Detection and Identification of Brenneria nigrifluens, the Causal Agent of the Shallow Bark Canker of Walnut by, PCR Amplification

Abstract

AbstractA 1 kb DNA band from strains of Brenneria nigrifluens, as shown by amplification of their genomic DNA by polymerase chain reaction (PCR) using minisatellite primer designed on the minisatellite sequence of the M13 phage, was isolated, cloned and sequenced. Specific oligonucleotides (F1–C3) were selected into this 1 kb DNA sequence and used in a PCR assay to detect and identify strains of B. nigrifluens. Several strains of B. nigrifluens were assessed with F1–C3 primers producing a specific band of approximately 250 bp pairs in length. This target was successfully amplified from purified genomic DNA, from bacterial culture and directly from infected walnut bark tissue.
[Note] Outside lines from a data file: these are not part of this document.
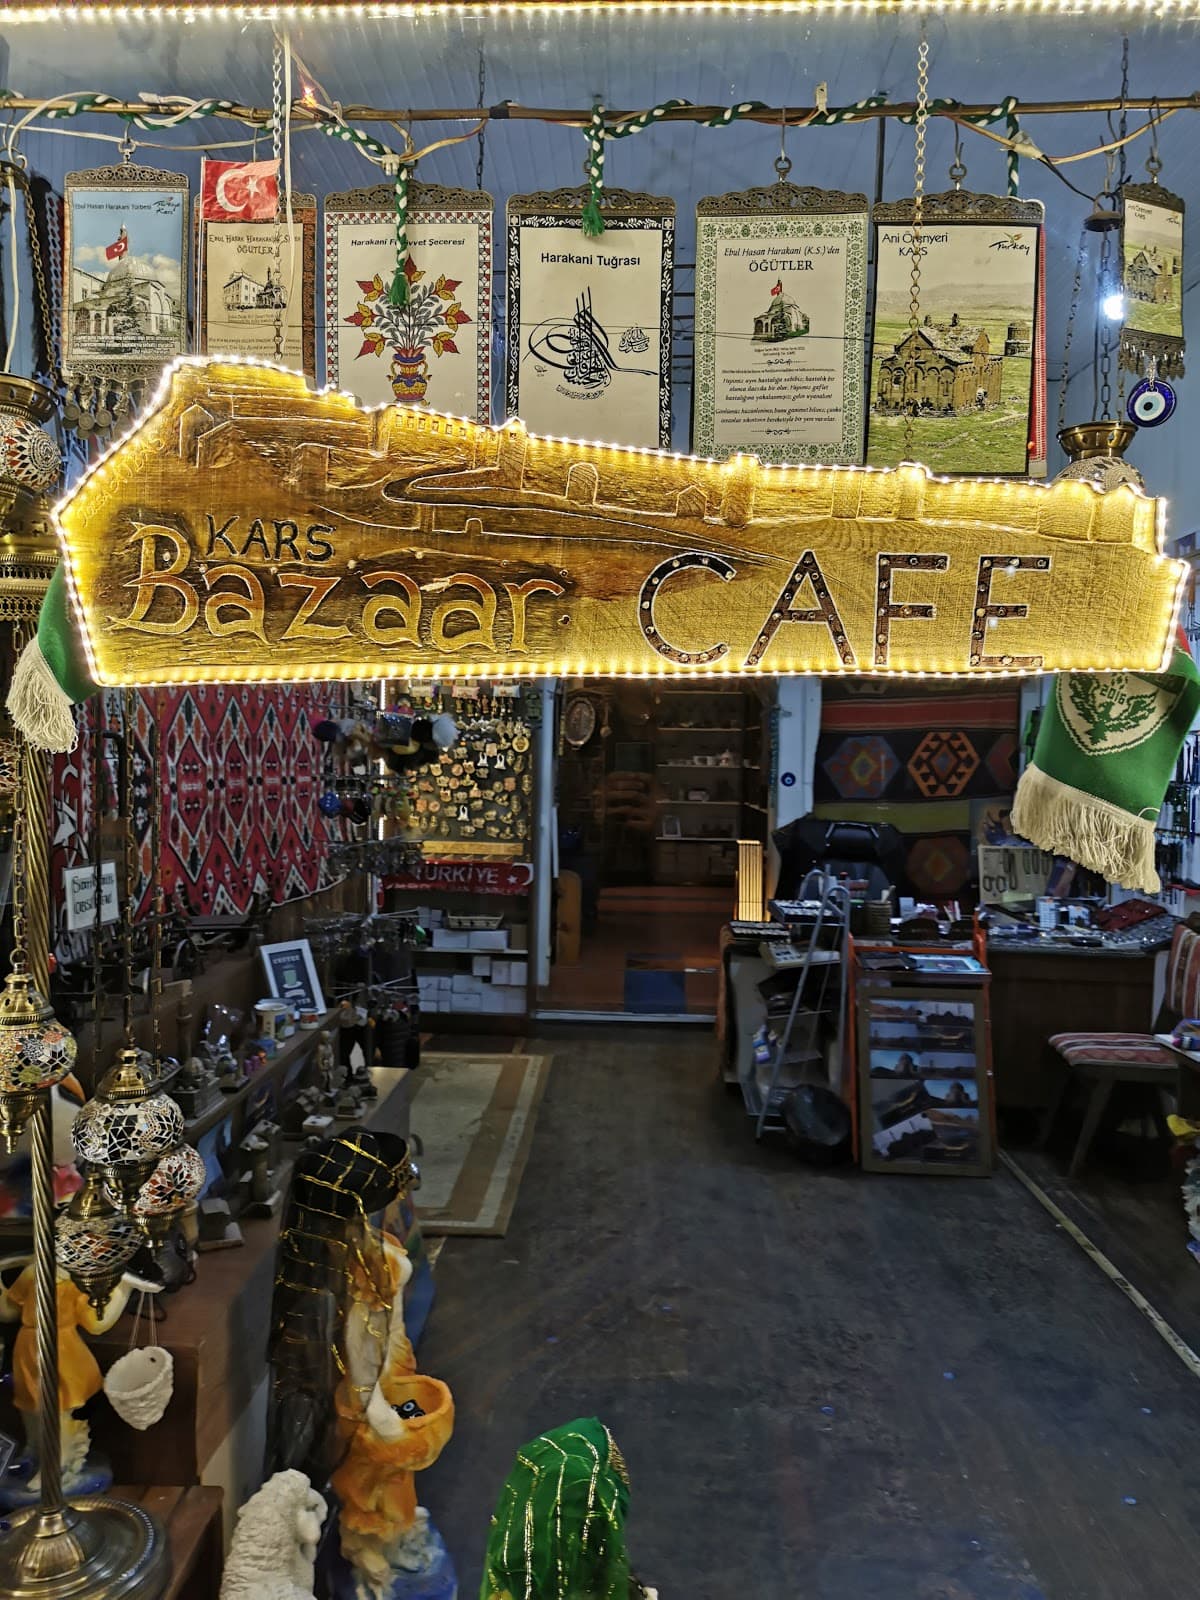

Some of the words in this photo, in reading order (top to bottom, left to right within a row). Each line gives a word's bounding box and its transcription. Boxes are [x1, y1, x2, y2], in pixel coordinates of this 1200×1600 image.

[882, 233, 900, 244] Ani
[724, 247, 741, 257] Ebul
[742, 247, 766, 257] Hasan
[767, 246, 802, 256] Harakani
[989, 240, 1030, 256] Turkey
[541, 252, 593, 265] Harakani
[596, 255, 641, 269] Tuğrası
[749, 258, 815, 273] ÖĞÜTLER
[206, 512, 337, 562] KARS
[104, 520, 566, 655] Bazaar
[637, 549, 1052, 667] CAFE
[1100, 686, 1127, 705] 2016
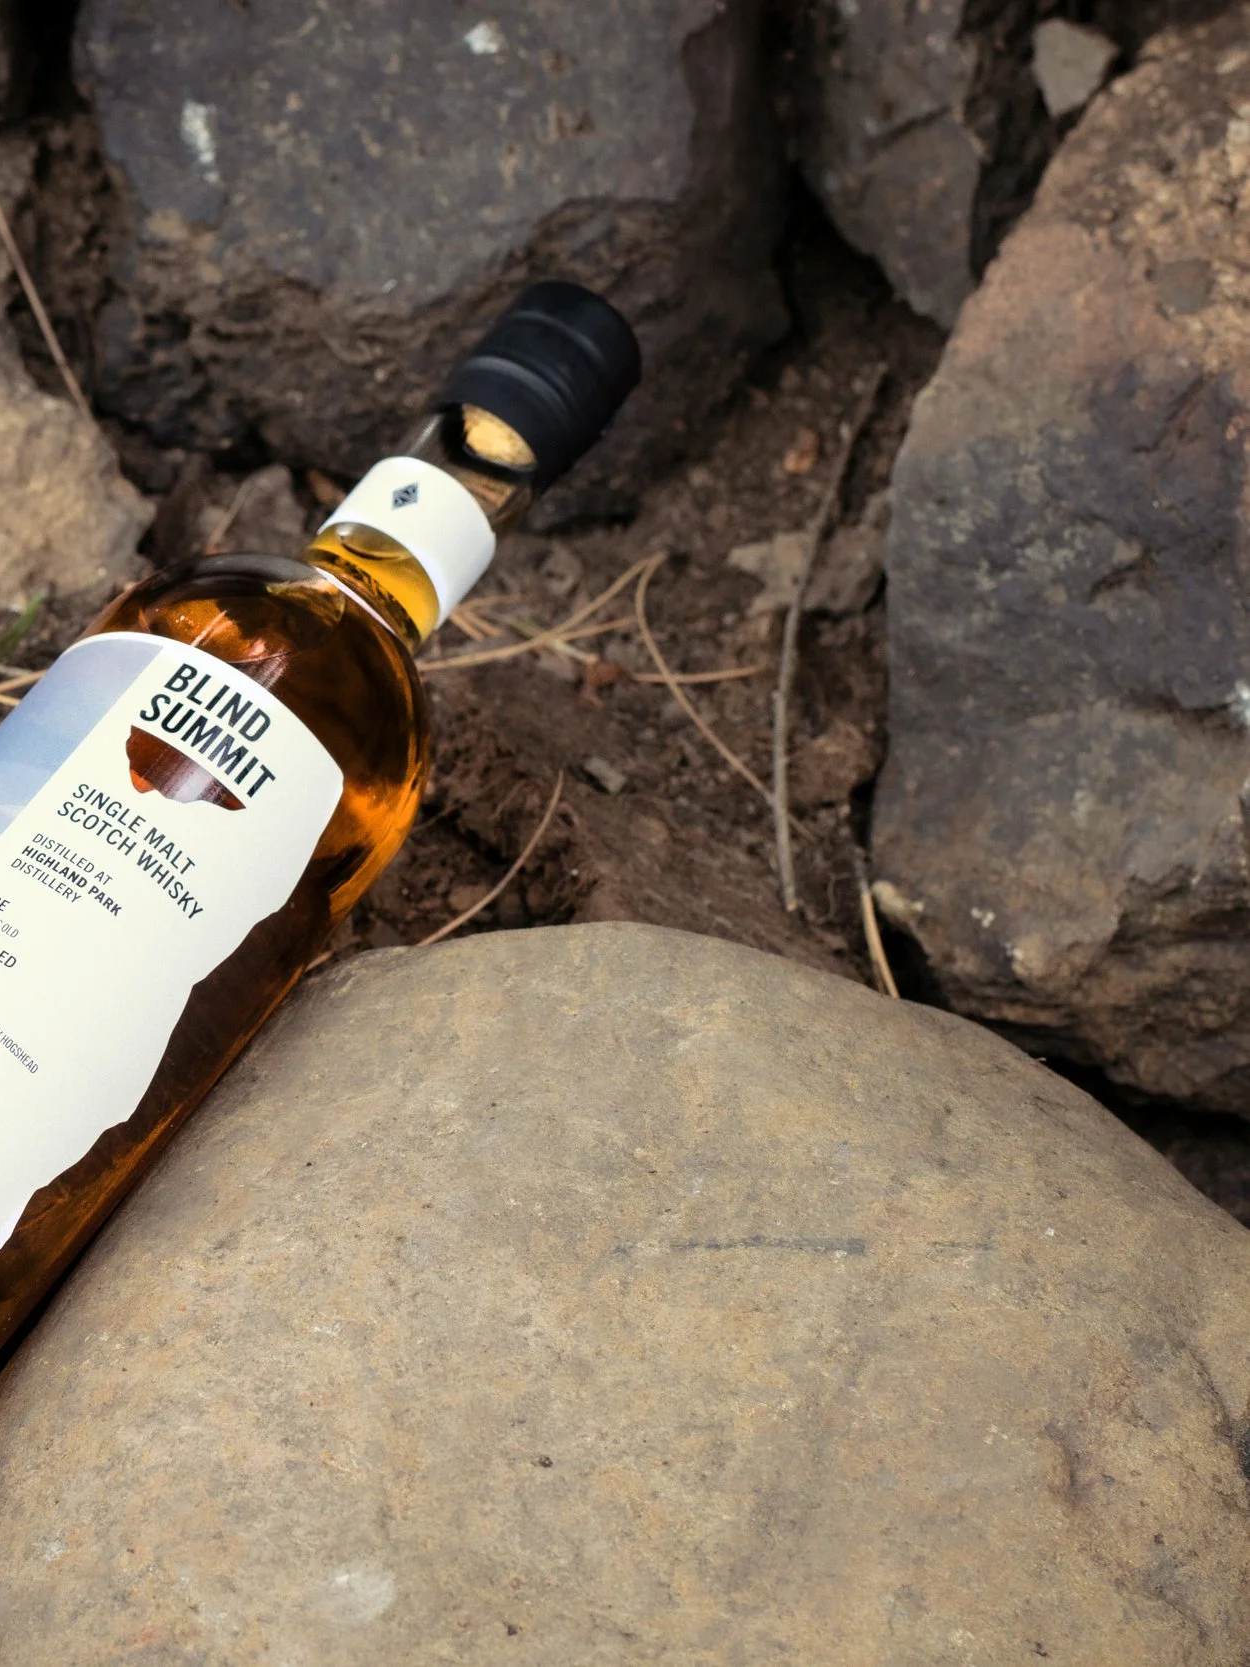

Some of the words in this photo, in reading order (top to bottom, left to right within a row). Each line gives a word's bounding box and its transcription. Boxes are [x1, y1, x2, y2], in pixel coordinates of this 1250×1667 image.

[164, 663, 271, 742] BLIND
[139, 693, 276, 798] SUMMIT
[32, 833, 96, 874] DISTILLED
[94, 870, 113, 886] AT
[57, 801, 137, 856] SCOTCH
[136, 849, 204, 920] WHISKY
[72, 783, 146, 834] SINGLE
[144, 826, 195, 875] MALT
[11, 858, 82, 904] DISTILLERY
[21, 846, 88, 888] HIGHLAND
[87, 885, 122, 917] PARK
[1, 923, 19, 938] OLD
[0, 1034, 39, 1074] HOGSHEAD
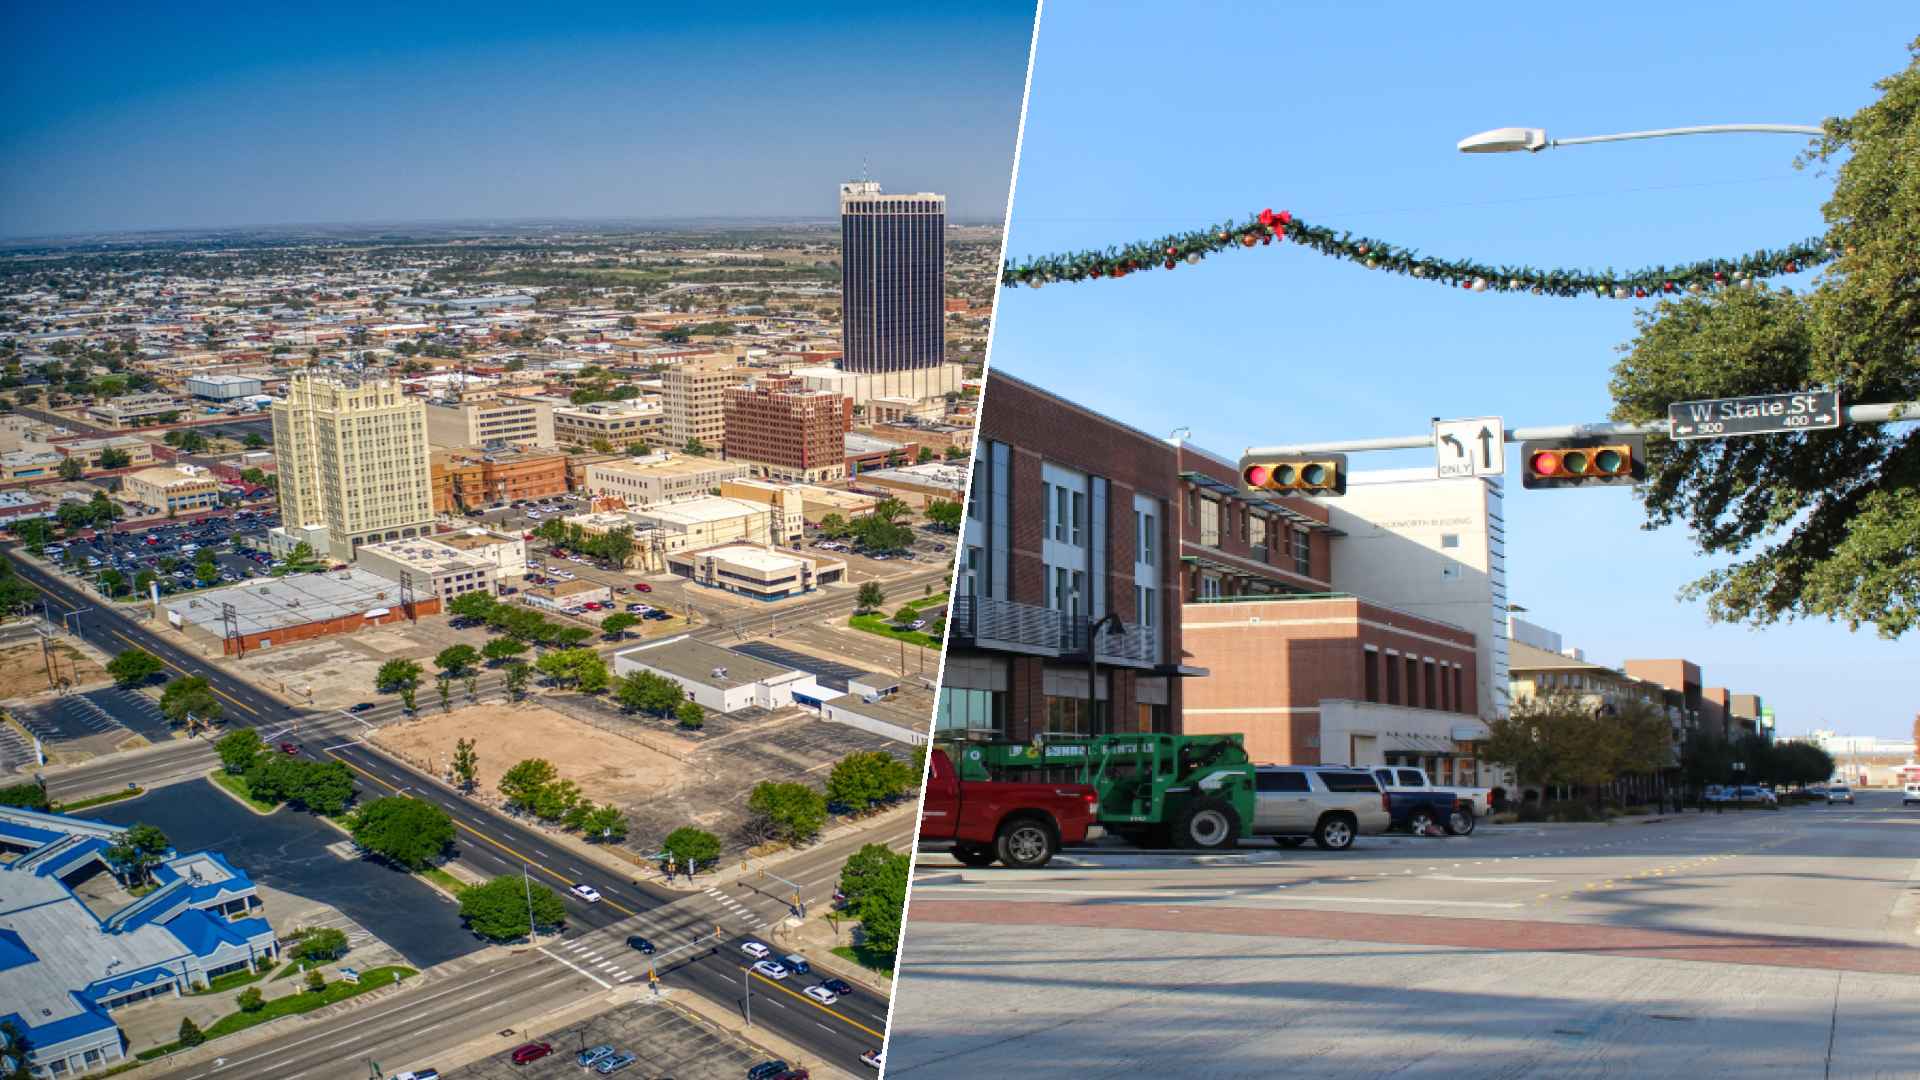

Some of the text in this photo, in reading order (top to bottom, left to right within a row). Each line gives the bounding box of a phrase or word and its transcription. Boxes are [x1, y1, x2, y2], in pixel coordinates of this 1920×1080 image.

[1690, 395, 1817, 422] W State St
[1783, 415, 1809, 426] 400
[1697, 422, 1724, 434] 500
[1440, 463, 1471, 475] ONLY
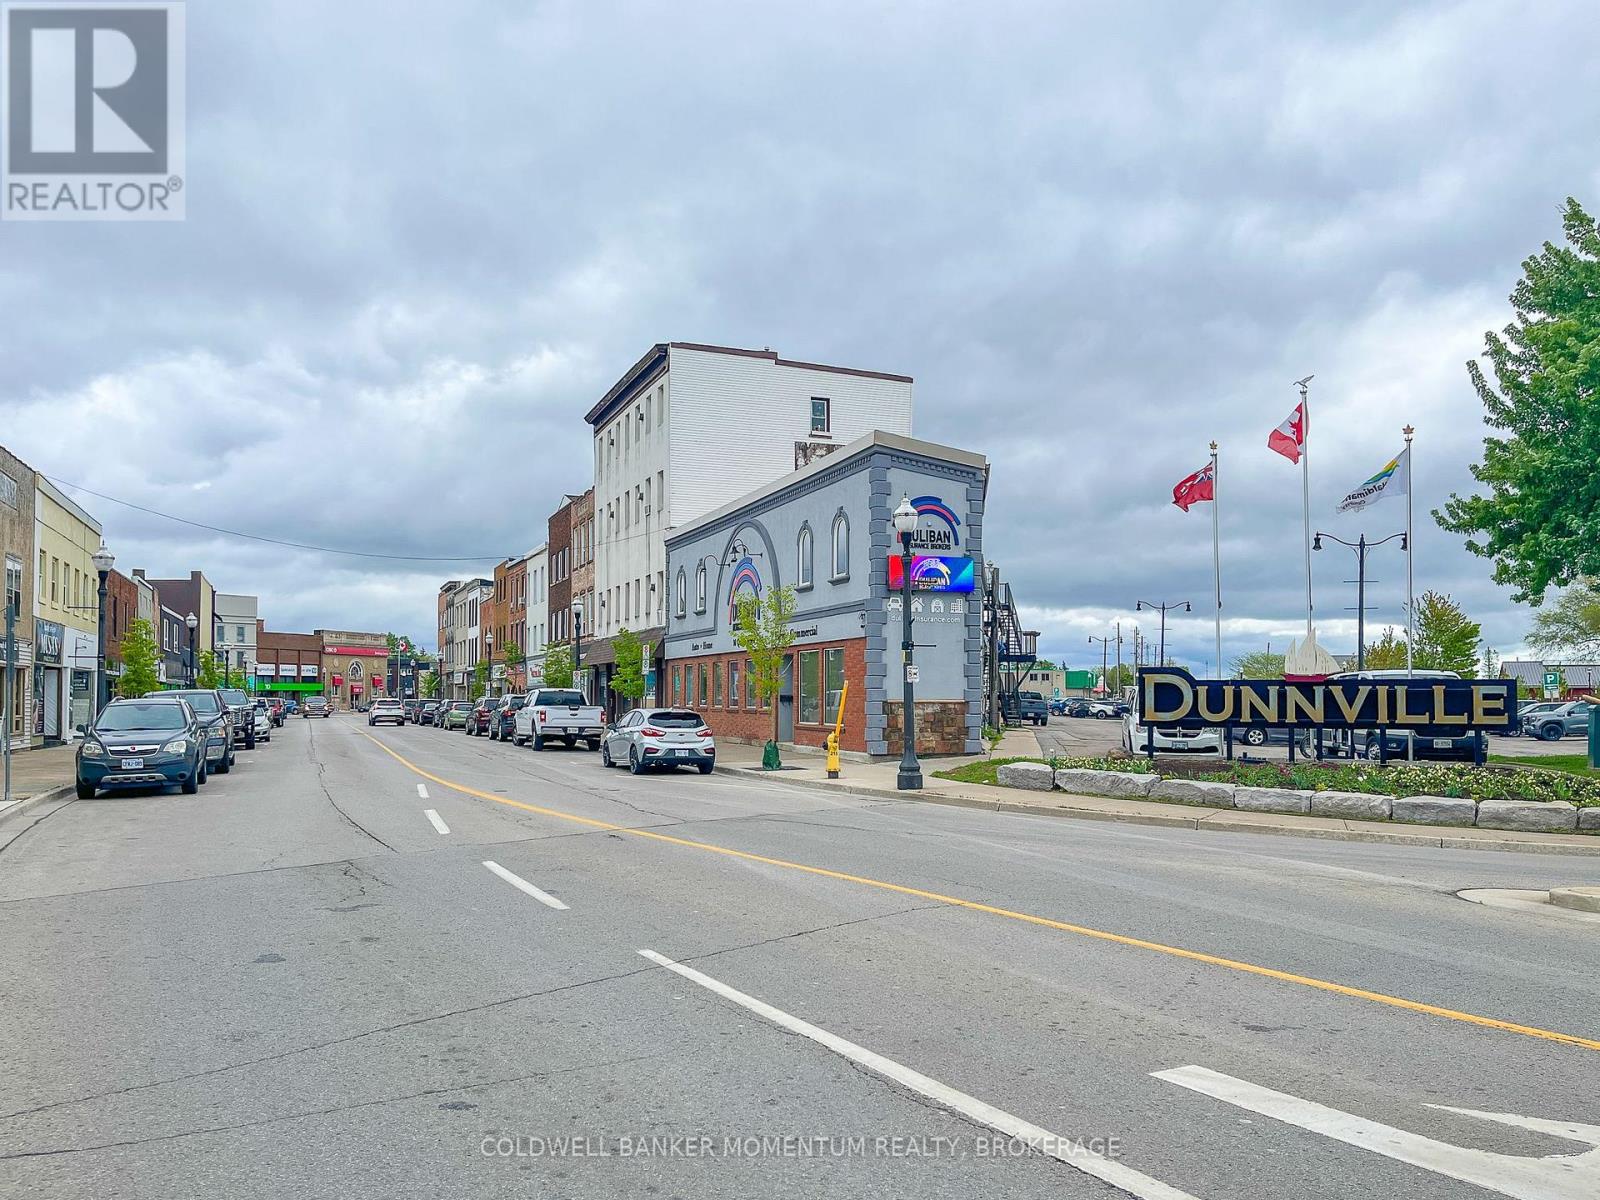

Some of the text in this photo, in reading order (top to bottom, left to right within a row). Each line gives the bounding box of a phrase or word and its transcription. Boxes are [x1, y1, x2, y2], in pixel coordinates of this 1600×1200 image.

[912, 529, 951, 543] ULIBAN
[1546, 674, 1555, 684] P
[1142, 673, 1508, 726] DUNNVILLE
No amplification was obtained when the PCR assay was performed on other plant‐pathogenic species from the following genera Brenneria, Erwinia, Agrobacterium, Pseudomonas, Ralstonia, Pectobacterium, Xanthomonas and from walnut‐associated bacteria, indicating the specificity of these primers. The PCR assay with the primers described here provides a rapid, specific and sensitive diagnostic method for B. nigrifluens and a useful tool for epidemiological studies.